Wednesday, July 21, 2010

POPnews - July 21st

Photobucket
[The Temple of Artemis at Ephesus, described by Antipater of Sidon, who
said of it '...apart from Olympus, the Sun never looked on aught so grand.'
]

356 BCE - A young man named Herostratus set fire to the Temple of Artemis in Ephesus, one of the Seven Wonders of the World, destroying it; he did so, he said, for fame. Sure enough, more than 2300 years later the readers of the Pop Culture Institute are learning - many of them for the first time - the name of the douchebag who gave his name to the term herostratic fame, meaning 'fame at any cost', a concept all-too-familiar to us in the era of reality television.

1403 - At the Battle of Shrewsbury England's King Henry IV defeated rebels led by Henry Percy (better known as Hotspur) to the north of the county town of Shropshire; the site of the battle is now a village called, aptly enough, Battlefield.

1545 - The French invasion of the Isle of Wight occurred when, coincidentally enough, French troops landed on the coast of the Isle of Wight; that the event took place during the Italian Wars ought to confuse matters even more.

1718 - The Treaty of Passarowitz was signed by the Ottoman Empire, Austria, and the Republic of Venice.

1831 - Léopold I - widower of England's Princess Charlotte and therefore uncle of the future Queen Victoria as well as father (by his second marriage) of Mexico's ill-fated Empress Carlota* - was inaugurated as the first King of the Belgians.

*Later portrayed by Bette Davis in the 1939 film Juarez.

1865 - Wild Bill Hickok shot Davis Tutt Jr. dead in the market square of Springfield, Missouri, in what is now regarded as the first true western showdown.

1873 - Jesse James and the members of the James-Younger Gang pulled off the first successful train robbery in the American West at Adair, Iowa; the gang successfully derailed the train, killing the engineer, and managed to make off with $3,000.

1919 - The dirigible Wingfoot Air Express crashed into the Illinois Trust and Savings Building in Chicago, killing 12 people - although the pilot and co-pilot managed to parachute to safety.

1925 - Following the Scopes Trial high school biology teacher John T. Scopes was found guilty of teaching evolution in class and fined $100.

1960 - Sirimavo Bandaranaike was elected Prime Minister of Sri Lanka, making her the first elected female head of government in the world; as leader of the Sri Lanka Freedom Party, 'Mrs. B' served Sri Lanka three times as its Prime Minister (first in 1960-1965, again from 1970-1977, and finally 1994-2000).

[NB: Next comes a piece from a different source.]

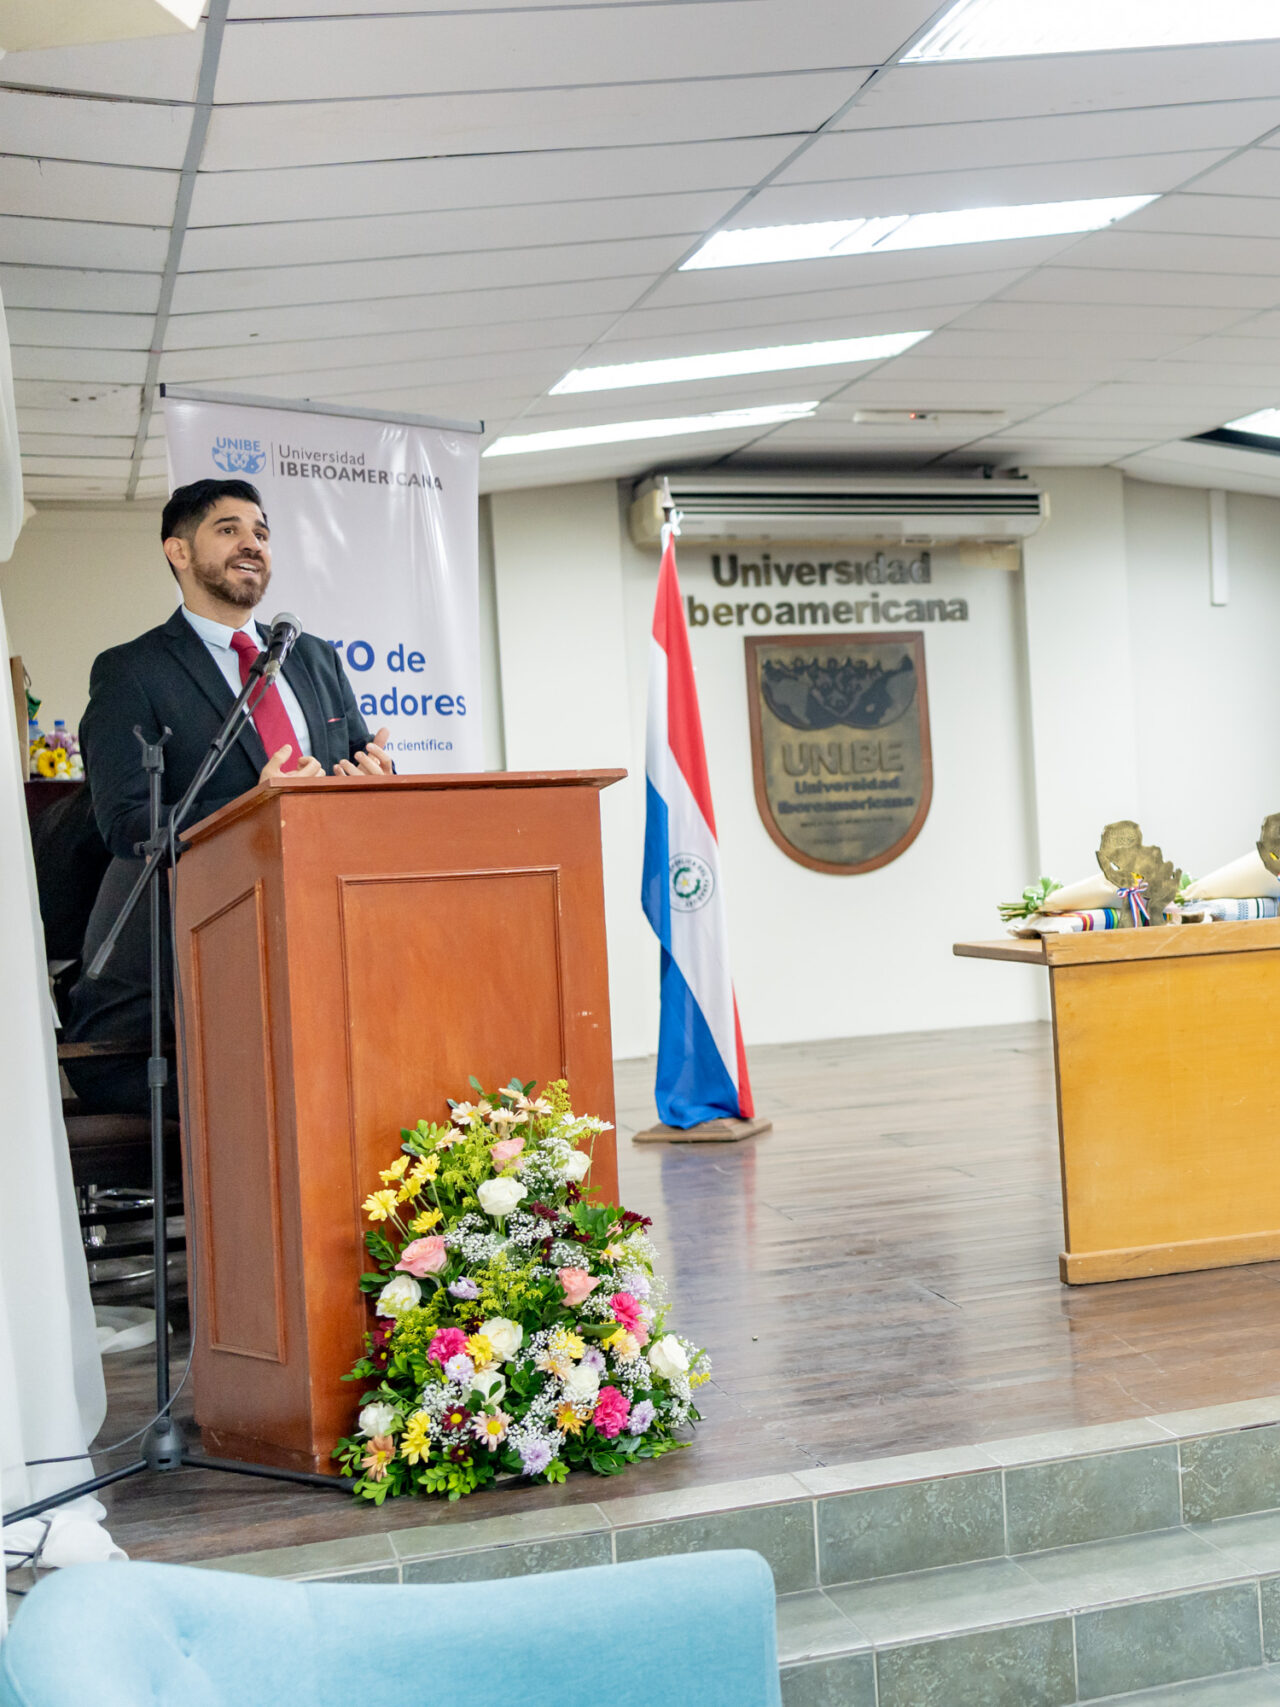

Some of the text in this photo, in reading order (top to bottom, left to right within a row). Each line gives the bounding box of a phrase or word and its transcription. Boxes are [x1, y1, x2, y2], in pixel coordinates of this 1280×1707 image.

1969 - Neil A. Armstrong and Edwin 'Buzz' Aldrin left the Moon, following a successful landing by the Apollo 11 mission the day before and a break to stretch their legs.

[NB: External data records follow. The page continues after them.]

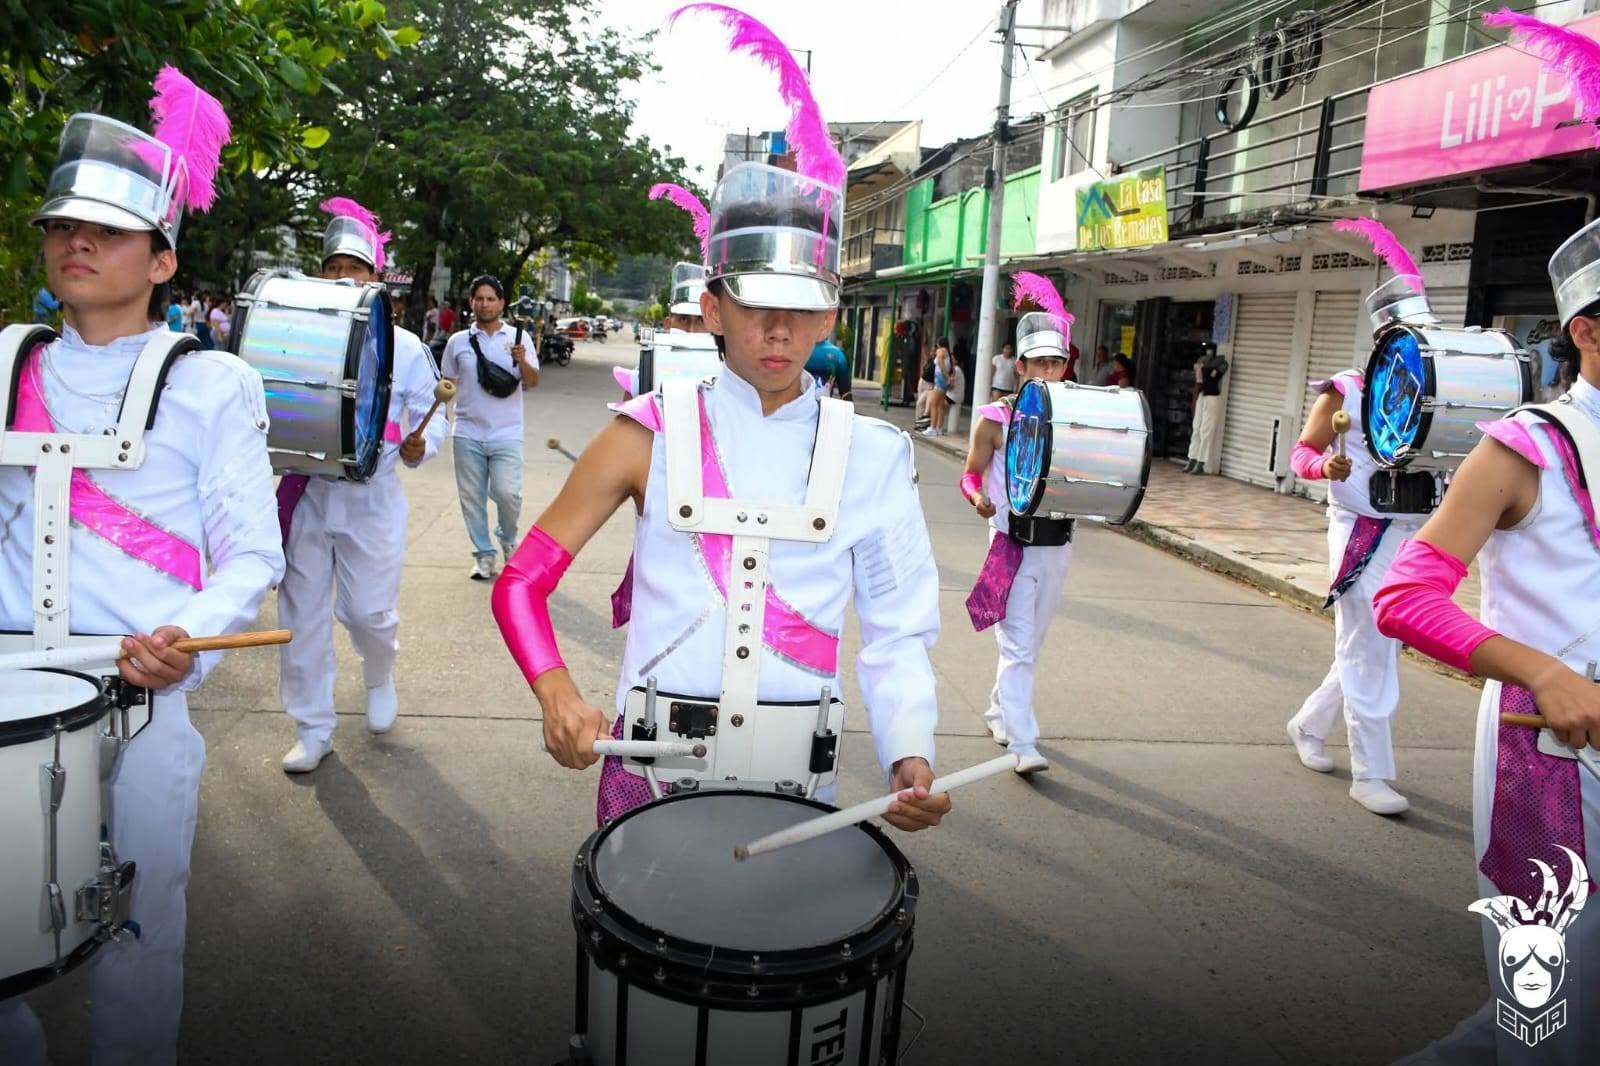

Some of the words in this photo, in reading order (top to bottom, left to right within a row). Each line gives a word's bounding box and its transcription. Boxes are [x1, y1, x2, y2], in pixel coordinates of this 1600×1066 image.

[1440, 74, 1506, 149] Lili
[1120, 183, 1133, 210] La
[1136, 177, 1162, 205] Casa
[1079, 224, 1093, 250] De
[1113, 215, 1163, 246] Remates

1970 - After 11 years of construction, Egypt's Aswan High Dam was completed.

1972 - The Bloody Friday series of bombings by the Provisional IRA in and around Belfast saw 22 explosions kill 9 people and seriously injure 130.

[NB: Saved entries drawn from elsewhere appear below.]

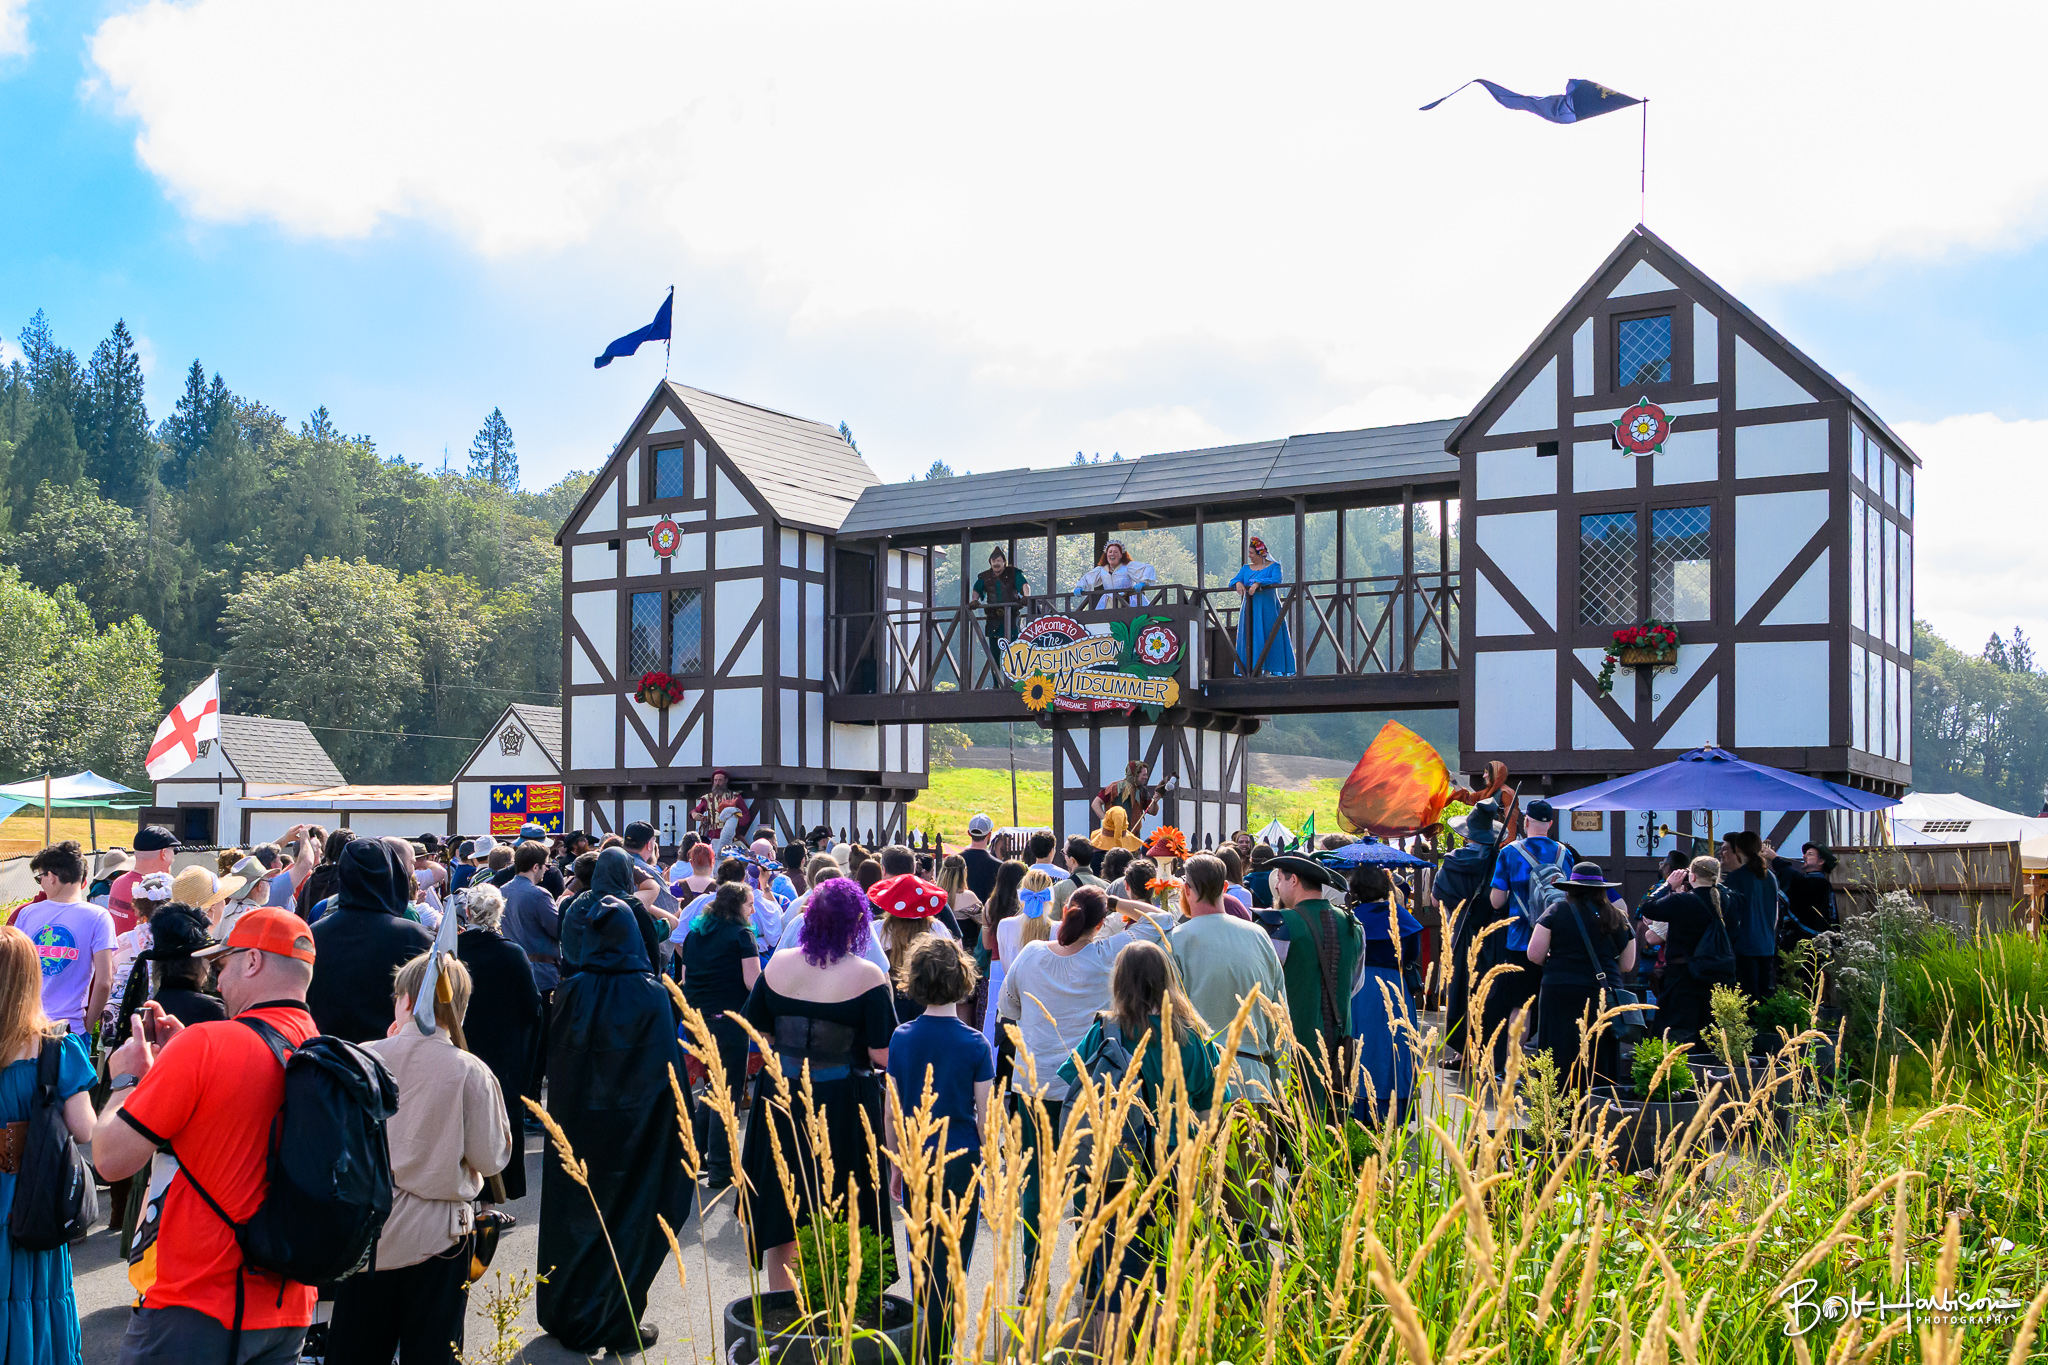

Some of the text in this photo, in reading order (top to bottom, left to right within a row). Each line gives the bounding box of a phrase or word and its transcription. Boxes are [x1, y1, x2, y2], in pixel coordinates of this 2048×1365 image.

[1024, 621, 1077, 638] Welcome to
[1038, 632, 1063, 648] The
[998, 637, 1124, 677] WASHINGTON
[1053, 667, 1169, 699] MIDSUMMER
[1053, 697, 1112, 710] RENAISSANCE FAIRE

1973 - During the Lillehammer Affair in Norway, Israeli Mossad agents killed a waiter named Ahmed Bouchiki whom they mistakenly thought was involved in 1972's Munich Olympics Massacre.

1976 - Christopher Ewart-Biggs - British ambassador to the Republic of Ireland - was assassinated by the Provisional IRA.

1977 - The four-day-long Libyan-Egyptian War - essentially a border dispute between the two nations - began.

1983 - The world's lowest temperature - −89.2°C (−129°F) - was recorded at Antarctica's Vostok Station.

2002 - Telecommunications giant WorldCom filed for Chapter 11 bankruptcy protection in the largest such filing in US history.

2005 - Four terrorist bombings occurred exactly two weeks after the similar July 7 bombings, targeting London's public transportation system; all four bombs failed to detonate and all four suspected suicide bombers were captured, convicted and given long prison terms.